Station essence OiLybia à Dakar
Libya Oil possède 1 250 stations-service dans une vingtaine de pays africains. Photo: Sylvie Rantrua

À l’heure où le régime du colonel Kadhafi vacille sous la pression de la communauté internationale, la grande majorité des pays africains reste plutôt discrète sur la question de l’éviction du guide. Et pour cause, l'économie de la plupart des pays du continent dépend de l'État libyen. Les entreprises africaines retiennent leur souffle.

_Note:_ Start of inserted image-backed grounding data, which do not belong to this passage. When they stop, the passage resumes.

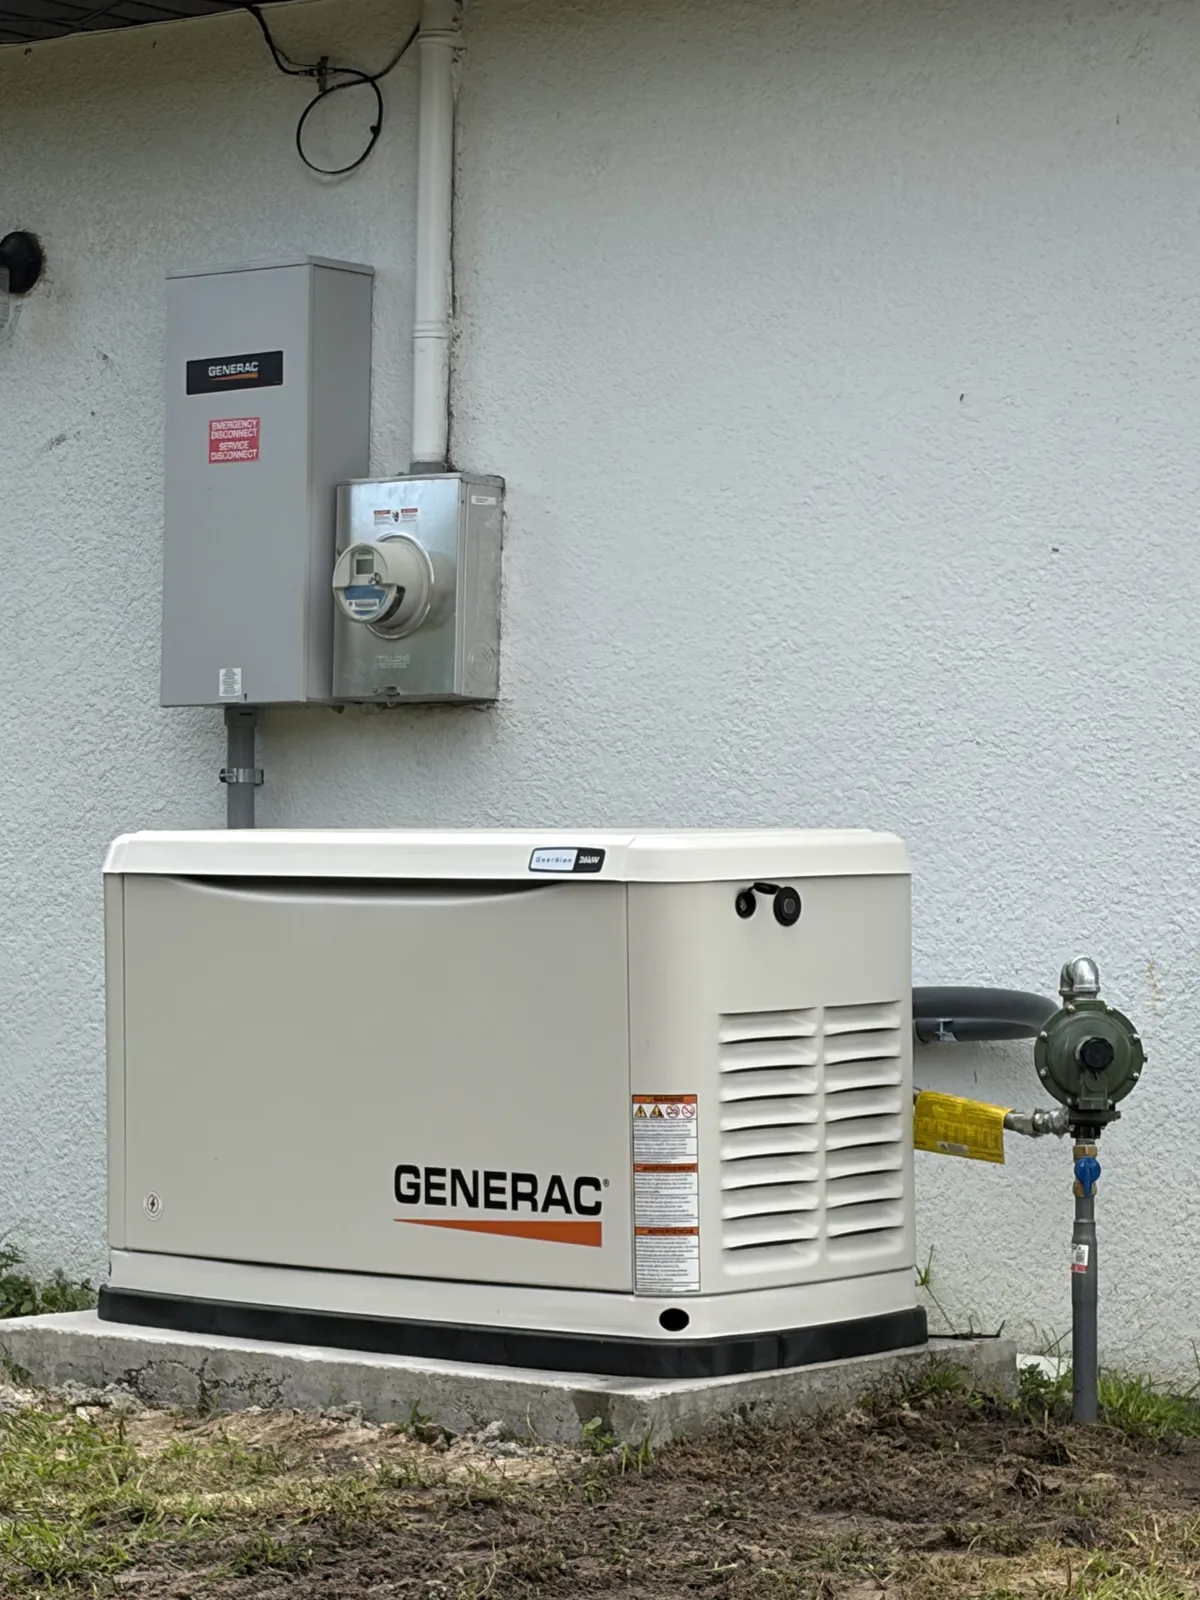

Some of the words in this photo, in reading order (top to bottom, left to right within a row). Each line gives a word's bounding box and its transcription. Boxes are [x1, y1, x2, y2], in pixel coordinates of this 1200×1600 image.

[208, 362, 259, 376] GENERAC
[211, 420, 258, 430] EMERGENCY
[211, 428, 257, 439] DISCONNECT
[218, 441, 250, 450] SERVICE
[211, 449, 257, 460] DISCONNECT
[535, 856, 573, 864] Guardian
[394, 1164, 603, 1216] GENERAC

Le Maroc, la Mauritanie, le Sénégal... et c'est tout. Ils sont trois pays sur l'ensemble du continent à avoir condamné la répression menée en Libye par le colonel Kadhafi ; quant à l’Union africaine, elle s'est à peine prononcée sur le sujet, sinon pour signifier qu'elle n'était ni contre les rebelles ni contre le régime... avant de nommer un comité ad hoc de haut niveau sur la Libye composé de cinq chefs d’État (Mauritanie, Congo, Mali, Afrique du Sud et Ouganda) et du président de la Commission de l’UA, le Gabonais Jean Ping. Selon l’UA, ce comité doit « urgemment » se mettre au travail pour faciliter un dialogue inclusif entre les parties en Libye.

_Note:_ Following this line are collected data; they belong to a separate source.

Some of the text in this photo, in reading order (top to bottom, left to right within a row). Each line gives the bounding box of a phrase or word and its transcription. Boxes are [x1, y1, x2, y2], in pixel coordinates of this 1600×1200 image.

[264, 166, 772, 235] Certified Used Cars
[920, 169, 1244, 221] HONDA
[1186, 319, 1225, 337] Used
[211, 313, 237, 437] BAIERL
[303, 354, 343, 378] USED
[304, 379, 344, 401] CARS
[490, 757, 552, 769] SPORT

Une discrétion et une absence de condamnation qui peuvent choquer, mais qui s’expliquent aussi aisément. Des centaines d'entreprises réparties sur 25 pays du continent profitent aujourd'hui de près ou de loin des pétrodollars libyens investis ces dix dernières années. Parmi les secteurs les plus représentés on trouve le tourisme et l’immobilier (60 % des investissements actuels), l’agriculture, le secteur forestier, l’industrie, le commerce (avec en particulier Oil Libya, présente dans plus de 20 pays) et le secteur minier. Or, avec la crise libyenne actuelle, c'est le spectre de la faillite qui plane au dessus de ces entreprises.

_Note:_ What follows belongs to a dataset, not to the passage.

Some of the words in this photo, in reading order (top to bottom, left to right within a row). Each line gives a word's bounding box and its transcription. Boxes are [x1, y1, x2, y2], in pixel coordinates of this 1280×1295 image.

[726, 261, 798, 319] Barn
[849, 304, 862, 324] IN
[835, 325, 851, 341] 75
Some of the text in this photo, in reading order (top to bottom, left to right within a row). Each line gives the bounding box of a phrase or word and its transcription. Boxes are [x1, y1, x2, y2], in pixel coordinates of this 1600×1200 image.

Laaico : bras financier de Kadhafi en Afrique

Parmi les nombreuses structures financières libyennes à l’étranger, un nom est à retenir pour l'Afrique : la Laaico (Libya Arab Africa Investment Company). A l’occasion d’une rencontre d’affaires organisée à Paris en octobre 2010 réunissant les entreprises françaises et les fonds libyens, Salem Serkik, directeur général adjoint de la Laaico, avait donné dans nos colonnes des chiffres pour le moins parlants : entre 1991 et 2008, les investissements de son organisme seraient passés de $ 25 millions à $ 1,5 milliard, avant de baisser légèrement depuis deux ans.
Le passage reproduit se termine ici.